Port Garrison wasn't on any map anymore.
Once a thriving shipping district, now it was nothing more than a carcass—rusted metal, cracked stone, and forgotten history. What remained were the bones: half-collapsed cranes, rotting dockyards, and long-dead vessels moored in stagnant water.
Lucas stood at the edge of the truck Finch had hotwired, his coat catching in the salty breeze that whipped through the abandoned dock. The perimeter fence ahead sagged with rust, and beyond it lay nothing but decay. The wind stung his face, sharp with brine and the reek of oil.
Alice stood just to his left, silent. Her arms were crossed tightly, the hood of her jacket pulled low. Her eyes moved constantly, never resting—each flick of her gaze more predator than prey. She didn't say a word, but tension radiated off her like heat.
Maya stepped down from the truck with a practiced thud, tightening the strap of her rifle. She looked around, unimpressed. "Place looks like a tetanus farm," she muttered. "Real charming."
Lucas didn't answer. He scanned the shadows beyond the fence, his jaw clenched. He didn't like how quiet it was. Not here.
They cut through the perimeter in silence. The world beyond the fence felt different—like a hushed breath waiting to be exhaled. Shipping containers rose like skeletal towers, rusted and leaning. Some still bore the faded, stamped logos of Cadmus Logistics. Others had been spray-painted over, symbols and warnings layered in desperate streaks.
Every metal creak or gust of wind sounded too deliberate—too placed. Lucas's shoulders coiled tighter with each step, and Alice kept her head on a swivel. Maya brought up the rear, her rifle held low but steady.
No one said it, but they all felt it: this place wasn't abandoned. Not really.
"Still think this K-09 guy's here?" Maya asked as she swept the rusted corridor with her eyes, voice low and sharp.
"He was," Alice murmured. "The resonance is strong. I can feel where it broke. It's faint… but recent."
Lucas crouched beside a twisted support beam, scanning what looked like scorched footprints along the concrete. "These burns look fresh," he said. "Like he pushed through here, maybe wounded."
They split to cover more ground.
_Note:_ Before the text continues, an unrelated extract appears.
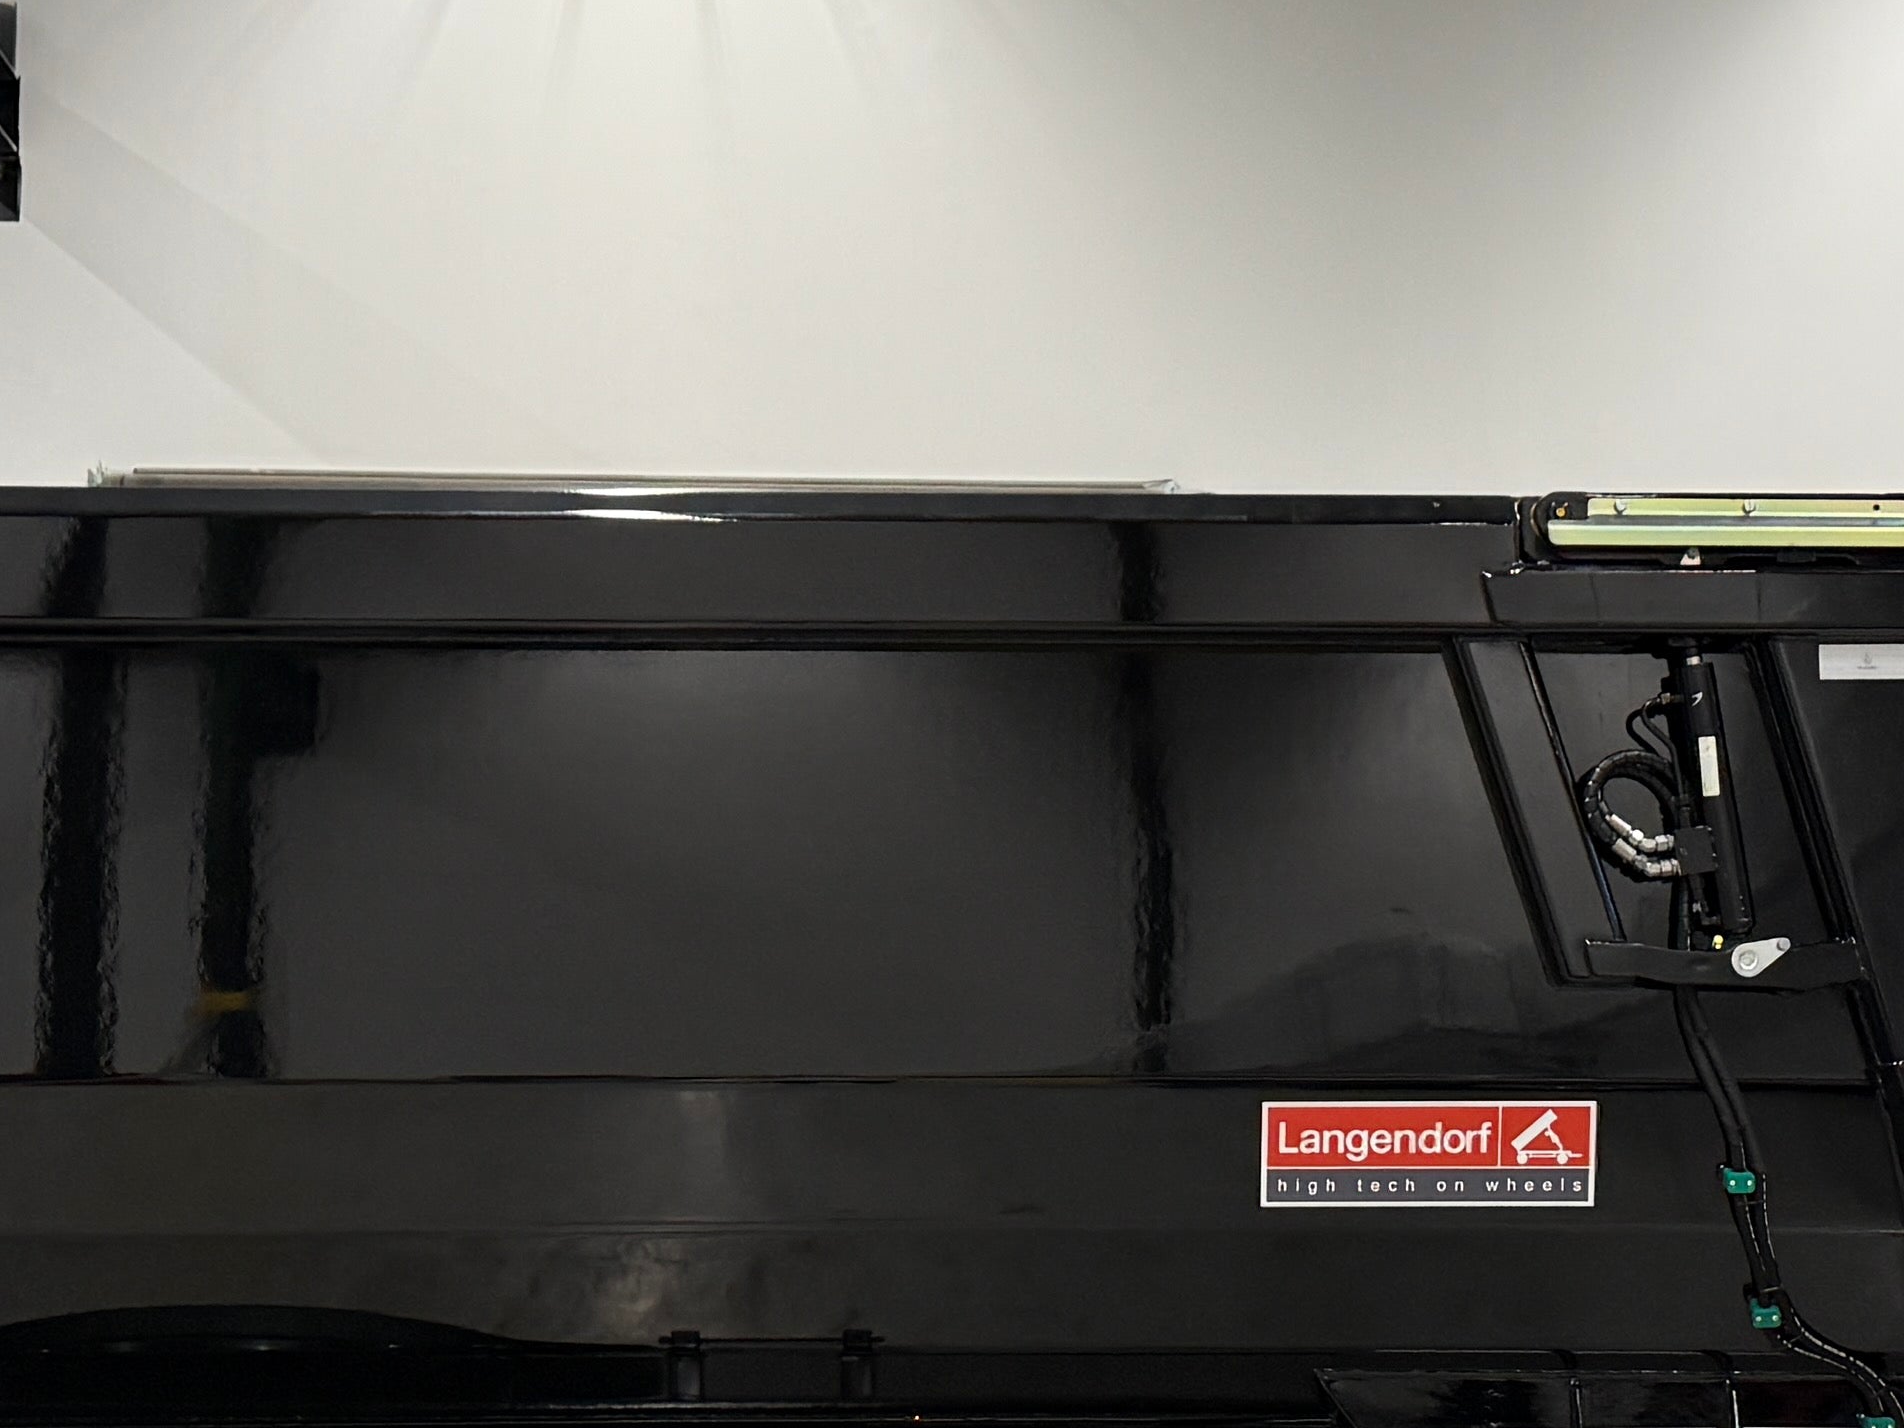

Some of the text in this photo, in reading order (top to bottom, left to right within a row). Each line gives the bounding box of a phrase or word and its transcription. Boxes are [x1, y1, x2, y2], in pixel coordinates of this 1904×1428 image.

Lucas and Alice veered toward the skeletal remains of the warehouse wing while Maya and Finch slipped into the narrower access tunnels.
Dust motes hung in the stale air, catching the glow of Lucas's flashlight as he and Alice moved in silence. The sound of their steps echoed faintly in the gloom—too sharp, too exposed.
"You ever think about how we got here?" Alice said suddenly, her voice brittle. "From lab rats to trespassers."
Lucas exhaled, a dry chuckle escaping before he replied, "Not really. Doesn't feel real half the time."
Alice tilted her head, glancing at a scorched wall where symbols had been scratched in. "I kept running. Cities, ruins, sewers—anywhere quiet. Tried to bury myself in noise. But they always knew."
Lucas paused near a stack of metal crates, resting a hand against the cold surface. "How did they find you?"
Alice's voice lowered. "Echo. That's who came. Clean. No warning. When I escaped Helix, I thought I'd shaken them. Went deep—static-heavy zones, dead sectors. Still, they found me. Like I was glowing in the dark."
Lucas frowned, jaw tensing. "Same name keeps coming back. Echo."
She nodded. "They don't leave bodies. Just... silence. I fought one once. Barely lived. You remember what I said when I saw you?"
"You thought I was one of them."
"Because they move like us. Talk like us. Some of them even were us." Alice's voice dropped, her expression haunted. "There were whispers… that some of the ones who didn't die were folded back into the program. Repurposed. Turned into hunters."
Lucas tensed, breath catching. "But how? How do they track us like that?"
A beat of static preceded Finch's voice through the comm. "I've got a theory."
Lucas brought a hand to his earpiece, angling his body toward a rusted wall. "Go."
"Anchor coding," Finch said. "They talked about it at Helix. Quiet, off-record. It's not tech—it's more like a psychic fingerprint. They embedded resonance into the high-risk subjects. Not implants. Not trackers. More like… energy echoes. You walk through a space, you leave an imprint. Echo's trained to follow that."
Lucas's eyes narrowed. "So we're bleeding signal without even knowing it."
"Exactly," Finch replied. "They don't need cameras or comms. They just read the waves. Like bloodhounds tuned to fear."
Maya's voice crackled in. "So we're lighthouses. Bright enough for predators."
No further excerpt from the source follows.